I was preaching the theology I had heard all my life in the Methodist church. During much of my childhood, my own father and grandfather preached this and exemplified it in their lives. So did my mother and grandmother. They practiced unselfish devotion with a stunning and moving consistency. Social gospel Christianity promised healing and progress for society and gave joy and meaning to the lives of those who followed this path.
I was deeply committed to the values that had shaped me: social witness, service to others, and an intellectually responsible faith. The courageous activism of my family’s religious tradition called me to speak out against wrongs. I needed this heritage of courage now. I had to confront the limits of my theological tradition. For all it had given me, it was not enough as I struggled with the grief that would not let me go.

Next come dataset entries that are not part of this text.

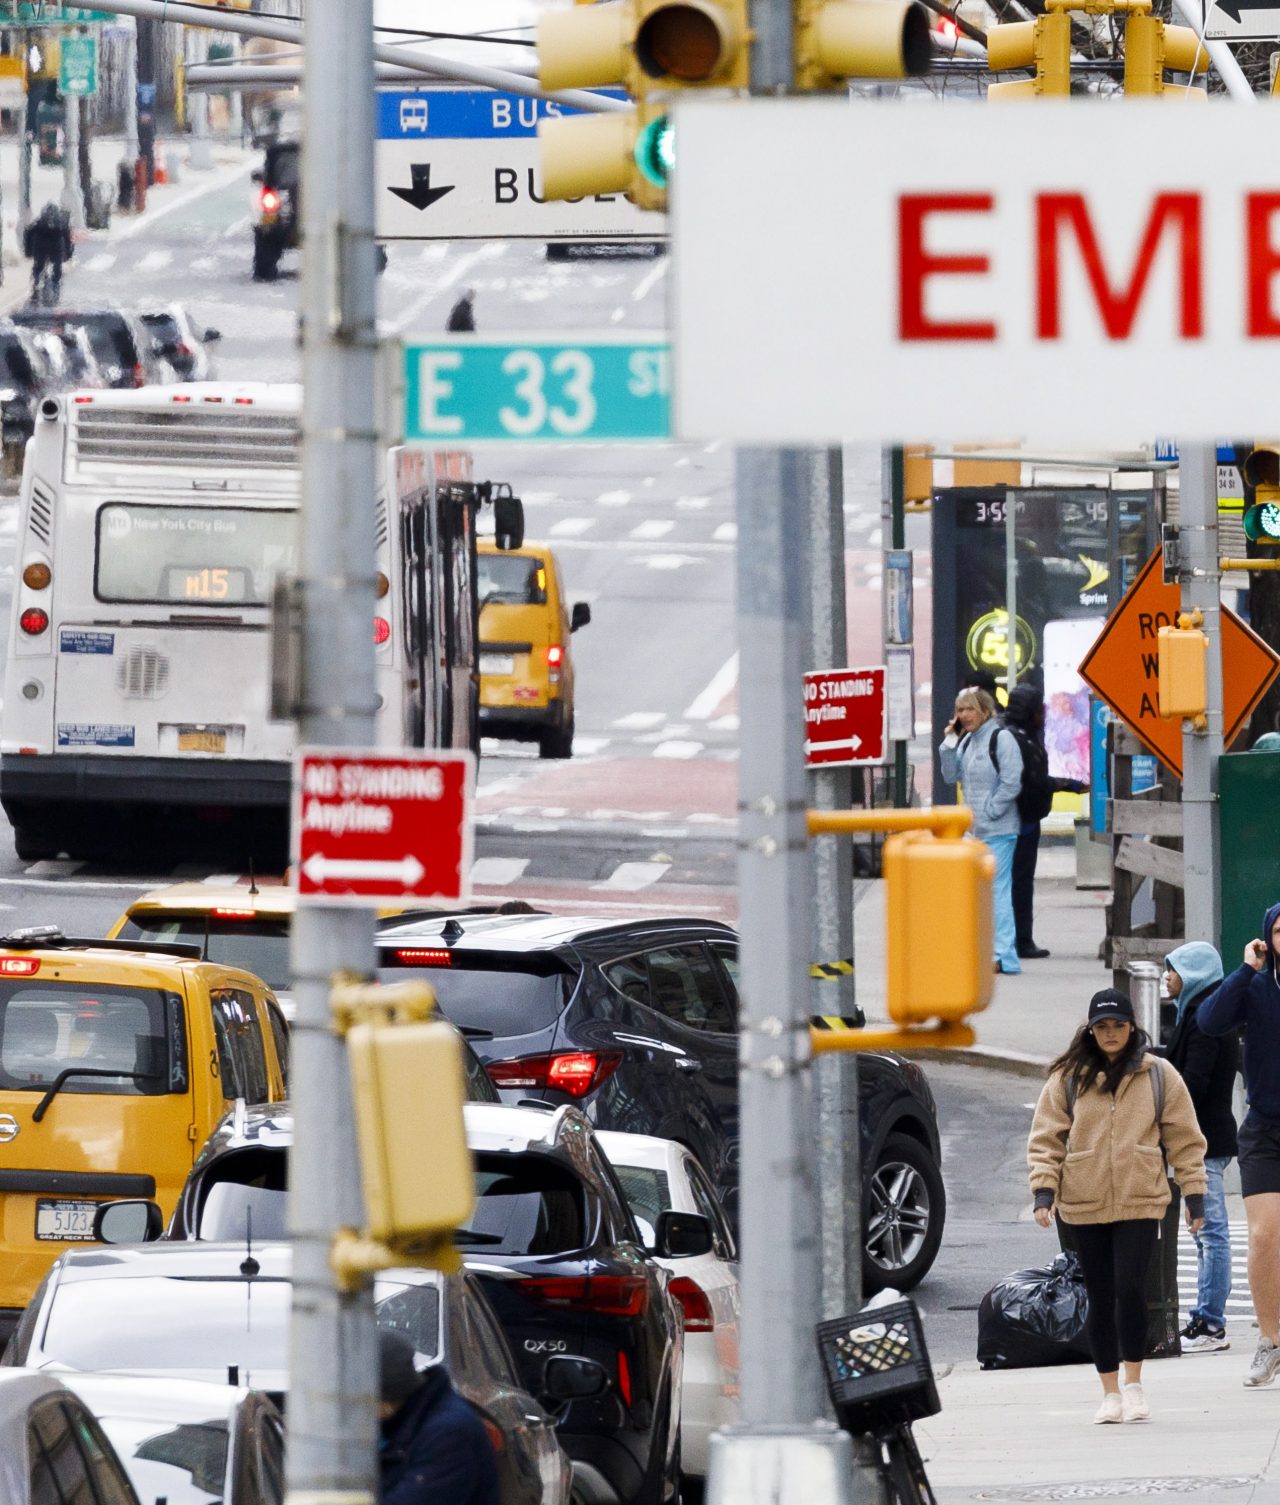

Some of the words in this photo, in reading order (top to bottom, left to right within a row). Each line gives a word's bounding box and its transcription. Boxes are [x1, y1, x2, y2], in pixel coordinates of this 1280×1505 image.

[491, 98, 564, 129] BUS
[417, 350, 465, 435] E
[499, 349, 598, 436] 33
[1086, 502, 1108, 523] 45
[134, 517, 159, 530] New
[160, 518, 185, 531] York
[187, 518, 212, 533] City
[214, 519, 237, 533] Bus
[185, 567, 230, 599] M15
[1079, 593, 1109, 606] Sprint
[819, 678, 874, 700] STANDING
[305, 761, 337, 797] NO
[339, 763, 445, 801] STANDING
[305, 797, 394, 838] Anytime
[55, 1211, 94, 1231] 5J23
[524, 1338, 567, 1354] QX50

At night, I was pacing the hall of the parsonage, hysterical with sorrow. My maternal arms were empty. The child I had welcomed with joy was never born. I let him or her go because love cares for the other, and no amount of personal sacrifice for the sake of love is too much. I struggled to regain my husband’s affection and attention. I prayed for the strength to keep loving him, regardless of the humiliation, rejection, and betrayal I felt.
"Dear God, please give me the strength to never give up on love. Please give me the grace to follow the way Jesus taught, to love no matter what, to endure no matter what. Help me to forgive, help me to forbear, help me to keep my vow of love."

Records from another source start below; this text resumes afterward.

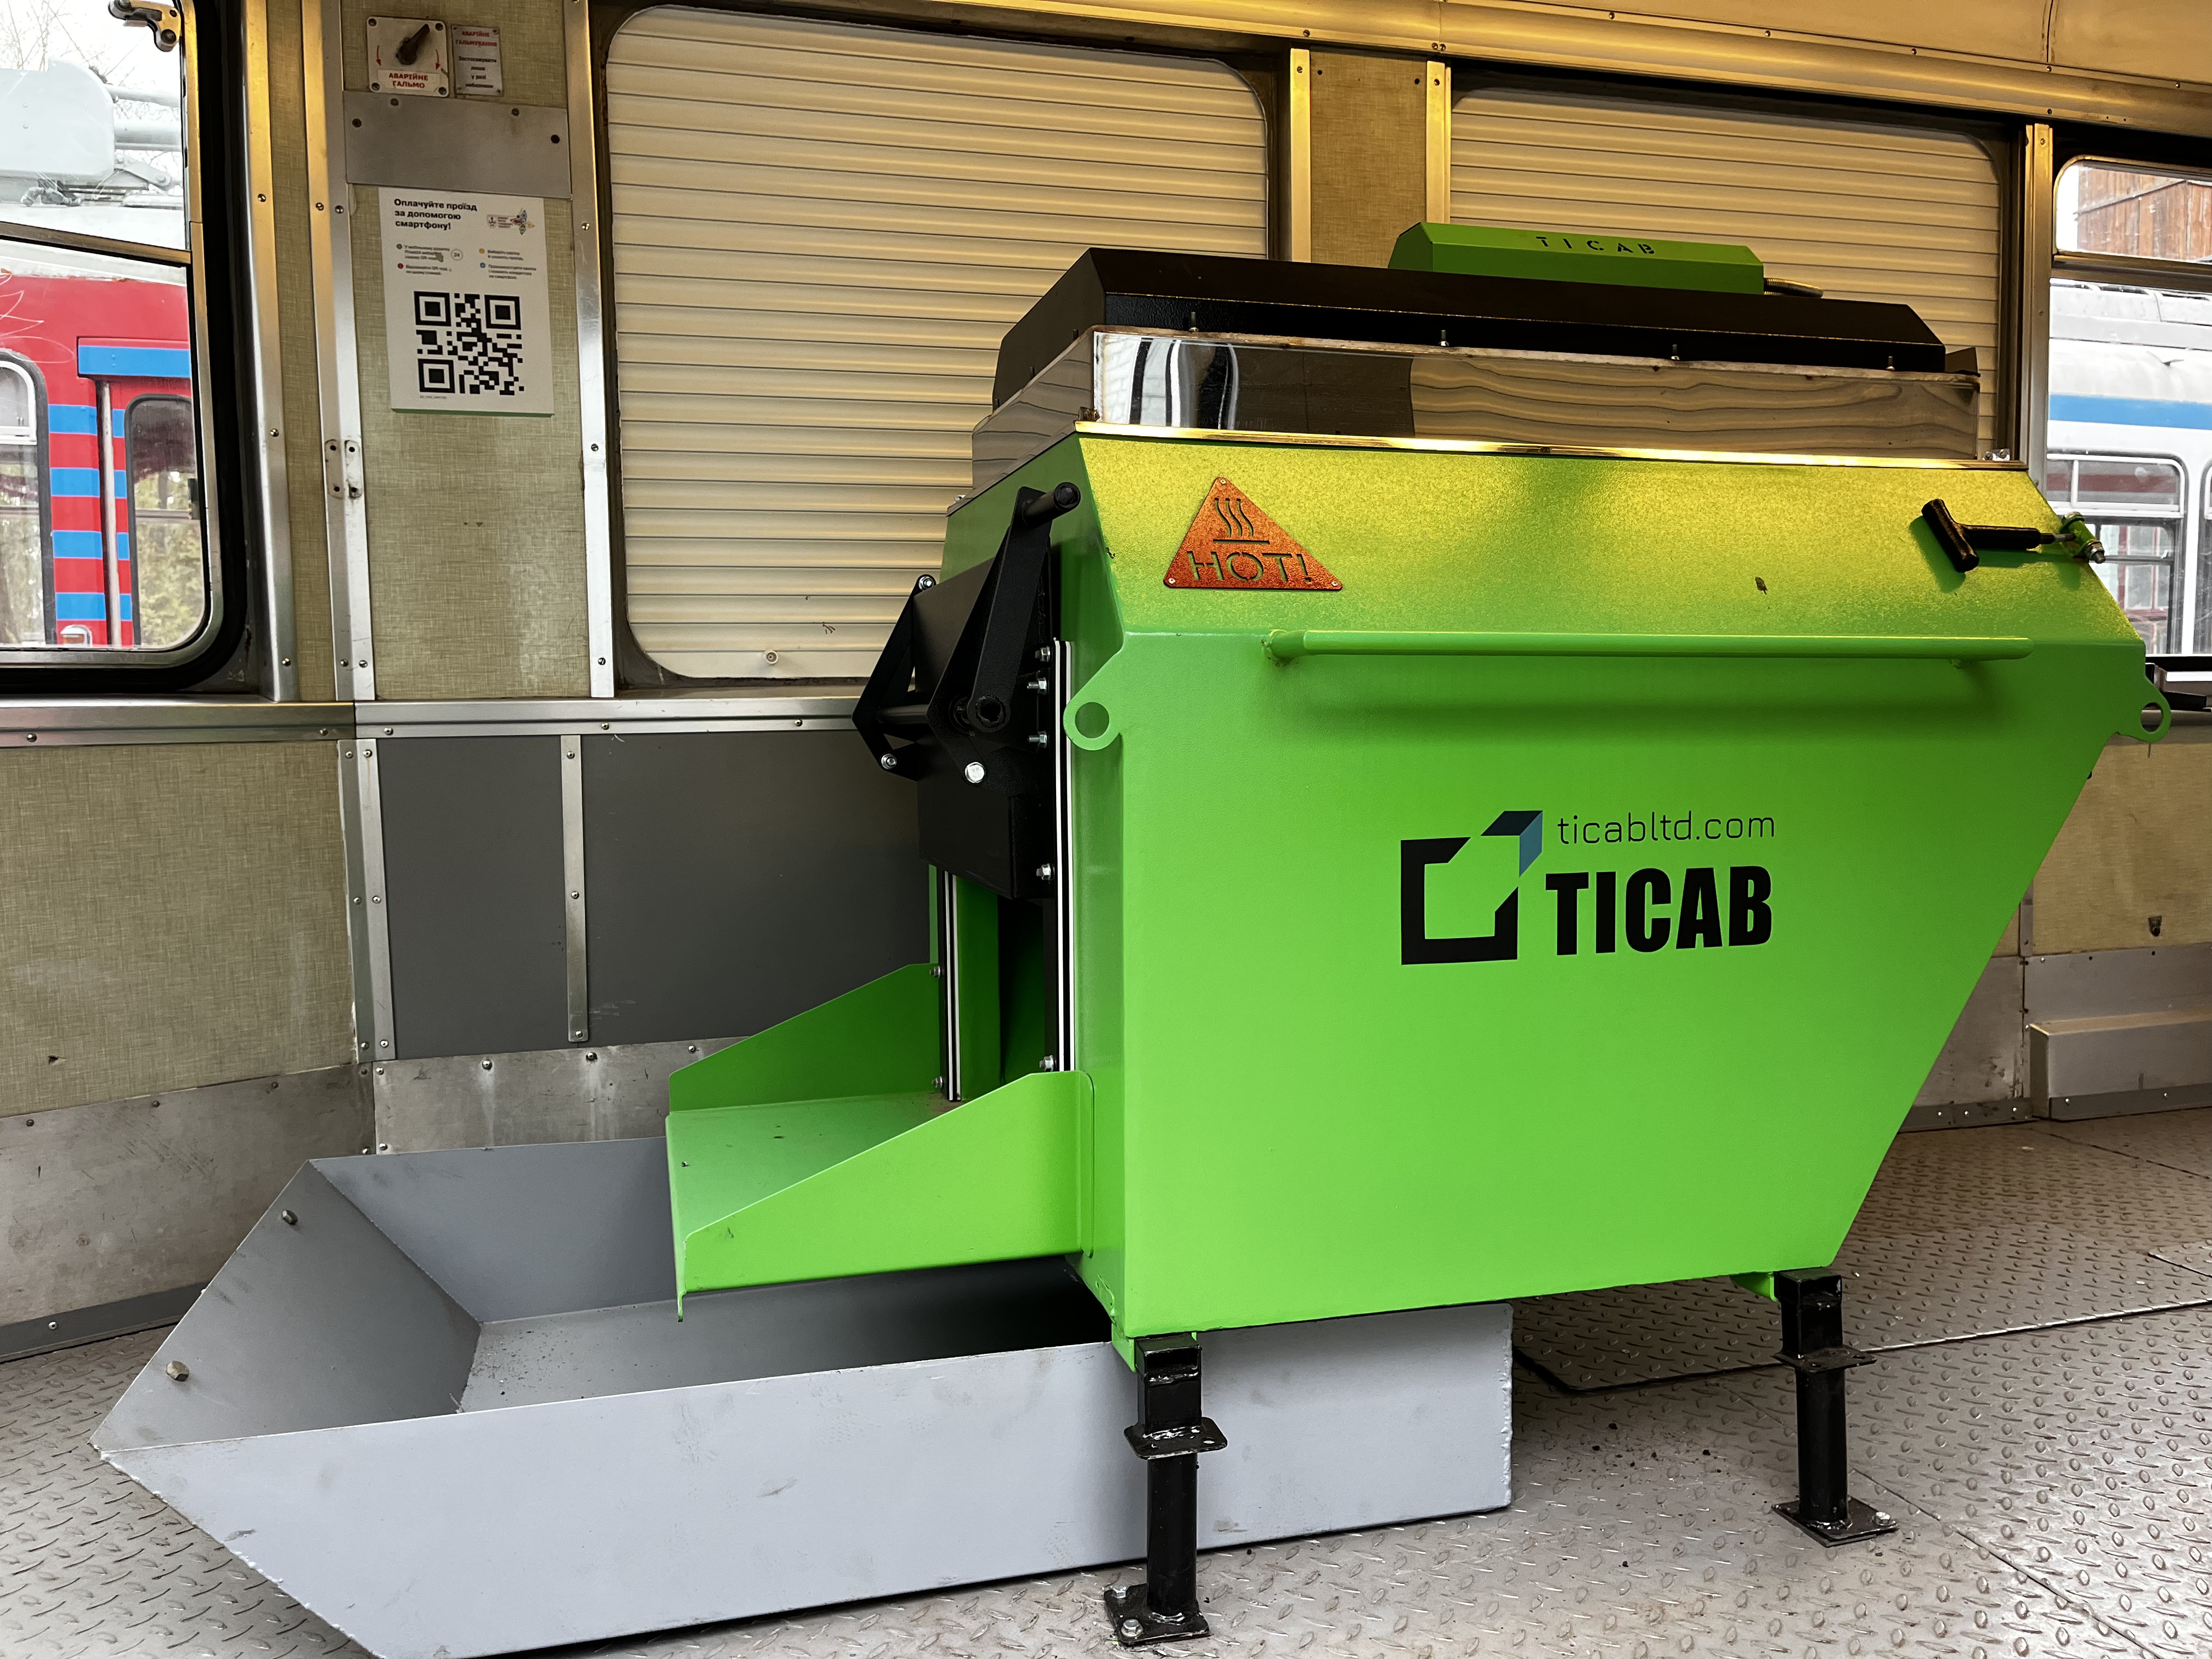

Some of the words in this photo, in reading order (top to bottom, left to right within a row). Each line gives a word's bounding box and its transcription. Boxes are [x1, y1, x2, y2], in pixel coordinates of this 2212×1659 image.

[389, 72, 428, 81] АВАРІЙНЕ
[394, 198, 444, 210] Оплачуйте
[446, 202, 477, 212] проїзд
[407, 211, 461, 219] допомогою
[395, 221, 451, 230] смартфону!
[1536, 236, 1655, 255] TICAB
[1186, 550, 1312, 583] HOT!
[1557, 810, 1775, 845] ticabltd.com
[1545, 865, 1773, 956] TICAB

One night, praying this prayer, I received an answer. It came in the midst of my silent pleading, as if it were the voice of God. The answer was one, simple, clear word: No.
This "no" startled me, but I understood its meaning. It meant that some authority, within or beyond me, rejected self-sacrificing love. I pondered this, wondering if there was another direction that the source of life to whom I appealed in prayer might lead me.

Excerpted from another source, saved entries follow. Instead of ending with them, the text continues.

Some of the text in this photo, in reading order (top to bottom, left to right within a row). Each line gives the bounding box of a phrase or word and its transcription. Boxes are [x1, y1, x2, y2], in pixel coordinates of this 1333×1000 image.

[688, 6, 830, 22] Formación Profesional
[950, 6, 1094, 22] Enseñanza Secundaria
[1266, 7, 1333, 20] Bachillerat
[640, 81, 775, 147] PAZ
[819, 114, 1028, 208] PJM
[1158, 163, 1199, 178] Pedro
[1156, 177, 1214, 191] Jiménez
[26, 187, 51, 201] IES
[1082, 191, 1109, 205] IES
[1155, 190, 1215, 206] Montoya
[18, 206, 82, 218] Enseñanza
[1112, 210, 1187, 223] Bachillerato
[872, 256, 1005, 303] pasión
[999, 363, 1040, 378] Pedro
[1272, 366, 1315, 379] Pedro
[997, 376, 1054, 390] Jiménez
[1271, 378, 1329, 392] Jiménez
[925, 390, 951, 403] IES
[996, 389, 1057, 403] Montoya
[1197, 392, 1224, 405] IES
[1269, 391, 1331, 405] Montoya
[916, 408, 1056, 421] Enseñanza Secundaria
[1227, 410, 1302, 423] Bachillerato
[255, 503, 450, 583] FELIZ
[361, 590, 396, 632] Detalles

I looked out at the congregation that Sunday morning, and I pushed the plow of my sermon a little further along the rocky ground.
"As valuable as social gospel theology is, it does not hold all that religion needs to be able to hold. It fails to take into account that in women's lives the central sin may not be selfishness. It may be just the opposite: a lack of a sense of self.
"Women are culturally conditioned to care for others, but not ourselves. We believe that having needs, feelings, ambitions, or thoughts of our own is not good. In this self-abnegation, we enact a culturally prescribed role that perpetuates sexist social structures. The needs and thoughts of men matter, but not ours. Christian theology presents Jesus as the model of self-sacrificing love and persuades us to believe that sexism is divinely sanctioned. We are tied to the virtue of self-sacrifice, often by hidden social threats of punishment. We keep silent about rape, we deny when we are being abused, and we allow our lives to be consumed by the trivial and by our preoccupation with others. We never claim our lives as our own. We live as though we were not present in our bodies."
I paused and took a deep breath. Every eye in the congregation was fixed on me. My words described familiar experiences for the men and women in the congregation, but they weren't used to hearing this from the pulpit. I didn't have the courage to expose how relevant the words were to my own life, but I went on.
"When we aren't present in our own bodies, our closest relationships can become empty. In sexual intimacy, our husband or lover may feel he is embracing an absence. We ourselves may feel we don’t really exist. Intimacy ceases being a joy and becomes an unarticulated loss.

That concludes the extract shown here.